-- Opening Marker --
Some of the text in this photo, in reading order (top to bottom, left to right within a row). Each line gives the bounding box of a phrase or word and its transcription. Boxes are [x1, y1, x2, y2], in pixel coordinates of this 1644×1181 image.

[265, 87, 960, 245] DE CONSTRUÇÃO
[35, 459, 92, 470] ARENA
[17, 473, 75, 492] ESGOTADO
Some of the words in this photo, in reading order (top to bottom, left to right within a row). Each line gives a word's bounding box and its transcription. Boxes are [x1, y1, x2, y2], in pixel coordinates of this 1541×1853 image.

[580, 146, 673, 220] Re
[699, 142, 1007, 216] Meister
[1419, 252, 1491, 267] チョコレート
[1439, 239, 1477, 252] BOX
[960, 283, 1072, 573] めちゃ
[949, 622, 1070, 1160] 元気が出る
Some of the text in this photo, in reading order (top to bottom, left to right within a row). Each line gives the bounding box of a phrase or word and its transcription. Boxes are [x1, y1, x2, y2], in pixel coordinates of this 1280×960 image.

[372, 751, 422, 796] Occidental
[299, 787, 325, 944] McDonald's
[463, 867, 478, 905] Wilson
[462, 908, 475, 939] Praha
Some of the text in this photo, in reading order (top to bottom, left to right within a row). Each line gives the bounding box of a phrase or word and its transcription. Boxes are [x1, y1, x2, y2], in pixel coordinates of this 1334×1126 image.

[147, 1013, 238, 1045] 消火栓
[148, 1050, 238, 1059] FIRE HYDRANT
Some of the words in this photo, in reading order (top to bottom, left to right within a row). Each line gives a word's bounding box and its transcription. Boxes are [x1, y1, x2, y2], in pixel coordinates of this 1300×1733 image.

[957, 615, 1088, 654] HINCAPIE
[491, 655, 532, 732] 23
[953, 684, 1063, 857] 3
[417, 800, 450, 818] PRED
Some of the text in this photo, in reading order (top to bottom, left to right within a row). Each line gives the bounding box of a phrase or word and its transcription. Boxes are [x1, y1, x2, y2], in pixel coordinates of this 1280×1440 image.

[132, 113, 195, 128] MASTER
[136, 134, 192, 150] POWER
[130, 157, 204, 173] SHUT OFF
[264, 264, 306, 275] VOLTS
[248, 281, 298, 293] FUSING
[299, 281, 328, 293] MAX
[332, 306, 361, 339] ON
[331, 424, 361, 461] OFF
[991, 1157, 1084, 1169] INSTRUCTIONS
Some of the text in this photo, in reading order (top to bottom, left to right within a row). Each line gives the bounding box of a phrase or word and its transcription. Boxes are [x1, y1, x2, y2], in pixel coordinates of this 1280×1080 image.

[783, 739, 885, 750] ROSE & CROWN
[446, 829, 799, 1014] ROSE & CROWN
-- Closing Marker --
Problem ::
Copy out each line of the material and keep every word unchanged.

The completed task ::
Some of the text in this photo, in reading order (top to bottom, left to right within a row). Each line gives the bounding box of a phrase or word and its transcription. Boxes are [x1, y1, x2, y2], in pixel coordinates of this 1644×1181 image.

[265, 87, 960, 245] DE CONSTRUÇÃO
[35, 459, 92, 470] ARENA
[17, 473, 75, 492] ESGOTADO
Some of the words in this photo, in reading order (top to bottom, left to right within a row). Each line gives a word's bounding box and its transcription. Boxes are [x1, y1, x2, y2], in pixel coordinates of this 1541×1853 image.

[580, 146, 673, 220] Re
[699, 142, 1007, 216] Meister
[1419, 252, 1491, 267] チョコレート
[1439, 239, 1477, 252] BOX
[960, 283, 1072, 573] めちゃ
[949, 622, 1070, 1160] 元気が出る
Some of the text in this photo, in reading order (top to bottom, left to right within a row). Each line gives the bounding box of a phrase or word and its transcription. Boxes are [x1, y1, x2, y2], in pixel coordinates of this 1280×960 image.

[372, 751, 422, 796] Occidental
[299, 787, 325, 944] McDonald's
[463, 867, 478, 905] Wilson
[462, 908, 475, 939] Praha
Some of the text in this photo, in reading order (top to bottom, left to right within a row). Each line gives the bounding box of a phrase or word and its transcription. Boxes are [x1, y1, x2, y2], in pixel coordinates of this 1334×1126 image.

[147, 1013, 238, 1045] 消火栓
[148, 1050, 238, 1059] FIRE HYDRANT
Some of the words in this photo, in reading order (top to bottom, left to right within a row). Each line gives a word's bounding box and its transcription. Boxes are [x1, y1, x2, y2], in pixel coordinates of this 1300×1733 image.

[957, 615, 1088, 654] HINCAPIE
[491, 655, 532, 732] 23
[953, 684, 1063, 857] 3
[417, 800, 450, 818] PRED
Some of the text in this photo, in reading order (top to bottom, left to right within a row). Each line gives the bounding box of a phrase or word and its transcription. Boxes are [x1, y1, x2, y2], in pixel coordinates of this 1280×1440 image.

[132, 113, 195, 128] MASTER
[136, 134, 192, 150] POWER
[130, 157, 204, 173] SHUT OFF
[264, 264, 306, 275] VOLTS
[248, 281, 298, 293] FUSING
[299, 281, 328, 293] MAX
[332, 306, 361, 339] ON
[331, 424, 361, 461] OFF
[991, 1157, 1084, 1169] INSTRUCTIONS
Some of the text in this photo, in reading order (top to bottom, left to right within a row). Each line gives the bounding box of a phrase or word and its transcription. Boxes are [x1, y1, x2, y2], in pixel coordinates of this 1280×1080 image.

[783, 739, 885, 750] ROSE & CROWN
[446, 829, 799, 1014] ROSE & CROWN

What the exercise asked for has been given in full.